Abigail loved her feet—small, feminine, exuding a slender, proportionate beauty her friends openly envied. These shredded, swollen blobs of flesh did not belong to her. They looked more like battered cod, blanched and translucent, with silver dollar–size blisters on her heels and ankles that peeled back, revealing raw skin the color of watermelon pulp.
She got up, had to walk on the balls of her feet to bypass the excruciating pain.
Being down there alone unnerved her, though she still caught fragments of Jennifer’s voice upstairs. She took her mug of tea and limped out of the kitchen in search of a bathroom, came instead into a small office with a scratched-up desk, which faced a window. The desk barely provided the surface area to house its computer, printer, and fax machine.
Peering through the beaded glass, Abigail saw that the rain had changed over to snow.
Way off in all that darkness, a barb of red light slanted up and left through her field of vision and she thought she was hallucinating until she pegged it for the taillights of a car climbing the steep grade south out of Silverton toward Molas Pass.
Spider plants in need of watering hung from the ceiling, a pair of leather snowshoes from one wall, and her eyes fixed upon a framed photomontage beside them of jagged mountains under the heading COLORADO’S 54 FOURTEENERS.
She sipped her tea. Beside the desk, two unfinished pine bookcases almost touched the ceiling, but instead of books, they contained relics from the past—rusted railroad spikes, an old burro’s shoe, pitons and a pair of crampons from the forties. Perhaps most fascinating, the middle two shelves of each bookcase displayed photographs of Silverton.
On one side stood framed photos of the present-day town and the buildings of Greene and Blair streets—the courthouse, city hall, the Grand Imperial—all set against the backdrop of mountainsides blazing with aspen and blue sky the purity of which could exist only above nine thousand feet in the Colorado Rockies, and there were photos of the Durango and Silverton Narrow-Gauge Railroad, the train having stopped to unload at Twelfth Street on a summer day, tourists leaning out of the gondola cars, smiling and waving, thrilled to spend a few hours in this romanticized mining town, to lunch in remodeled saloons and brothels, watch staged gunfights, have portraits taken in old-West costumes, children destined to return home with cowboy hats and six-shooter cap guns, tortured parents having to suffer their kids saying “Howdy, pardner” and “Get along, now” for the foreseeable future.
On the opposing shelves stood more Silverton photographs, these all in black-and-white, little windows to the past: a burro train standing in late-nineteenth-century Greene Street, the mule skinners staring dour-faced at the photographer. Soot-blackened miners and whores and suited gold and silver kings in a saloon, everyone raising beer glasses and tumblers, and not a smile to be found under all those handlebar mustaches. The railroad in winter, tracks framed by fifteen-foot walls of snow, and five bundled men with iced mustaches standing in front of a steam engine’s cattle guard, shovels in hand.
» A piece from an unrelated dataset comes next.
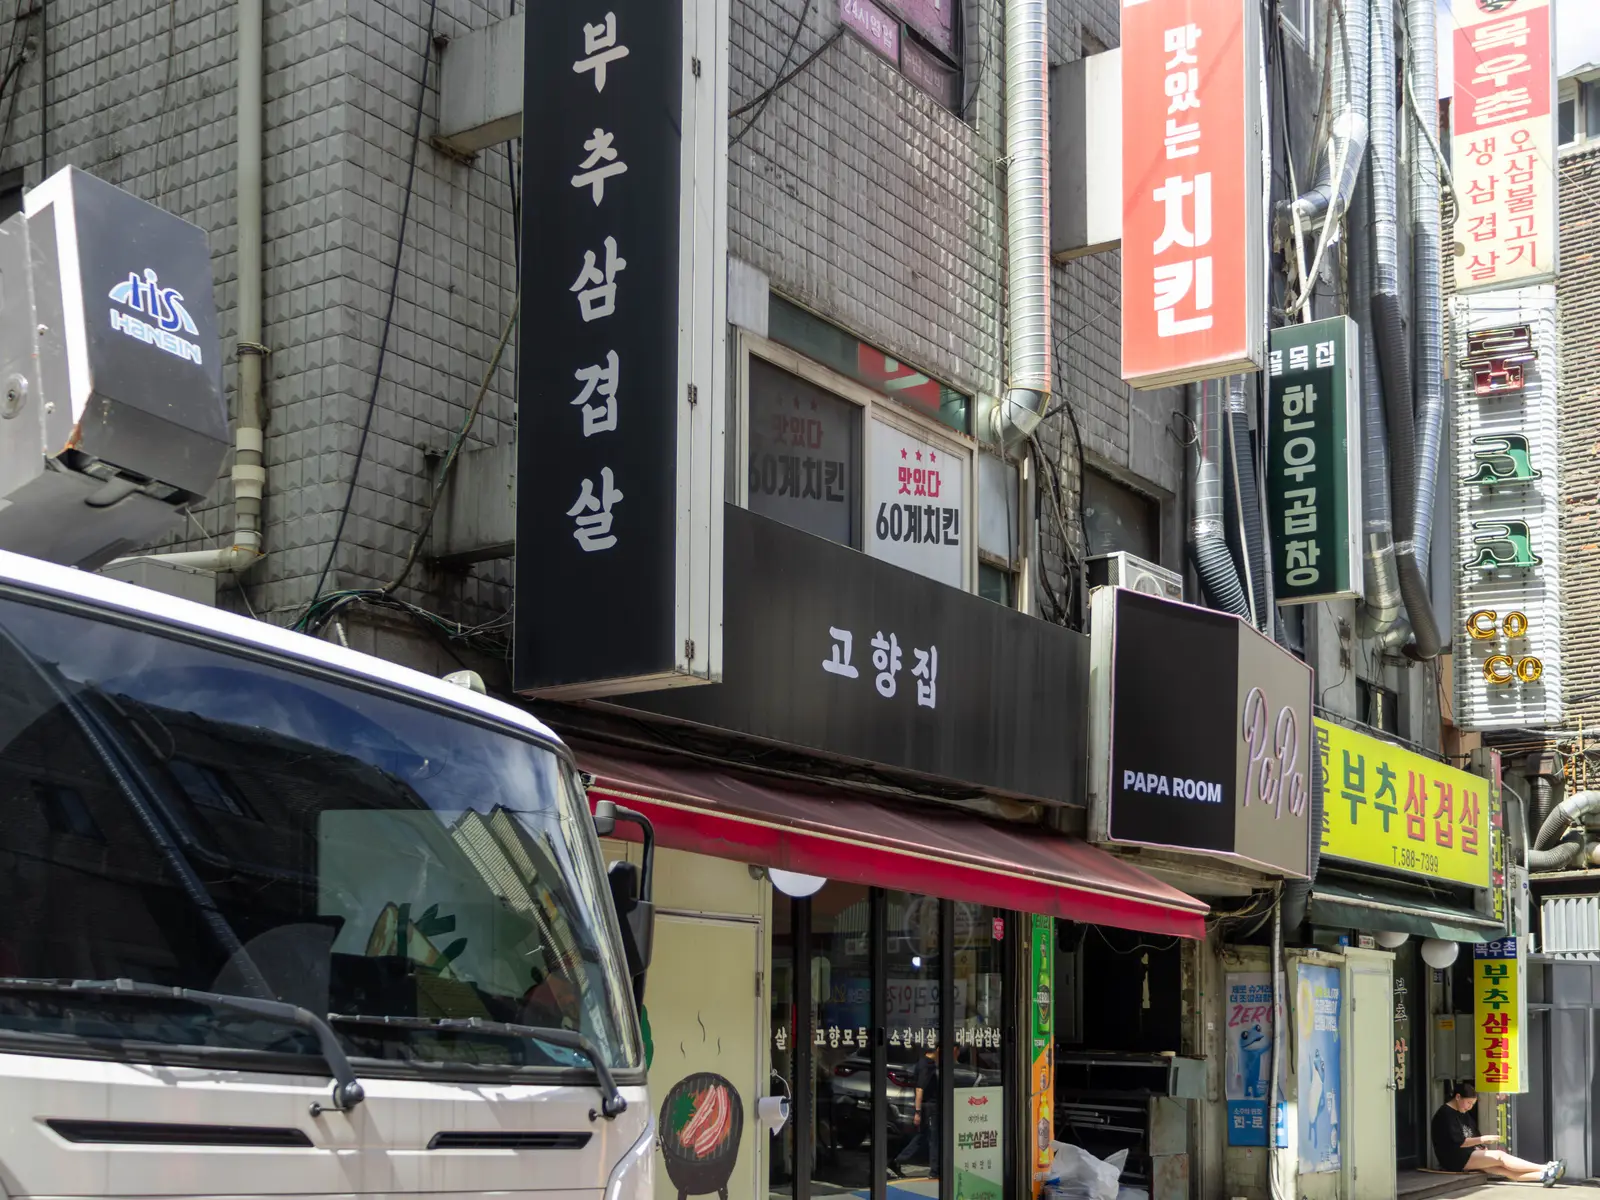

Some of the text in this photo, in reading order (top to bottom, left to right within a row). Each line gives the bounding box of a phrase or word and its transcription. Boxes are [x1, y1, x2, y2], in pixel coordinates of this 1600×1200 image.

But what caught her interest more than anything were the portraits of people long dead, their faces stoic, expressionless: a woman who might’ve been her age, carrying in her eyes the world-weariness of a refugee. A white-bearded gentleman, ragged bowler perched on his head, whose eyes betrayed their longing to cut loose a smile, despite having to sit still for the long exposure.
She considered all the photographs in her studio—family and friends at weddings, graduations, vacations, Christmases—and couldn’t recall a single picture where someone wasn’t smiling their heart out, thought how strange it would be if people in modern times never grinned for the camera.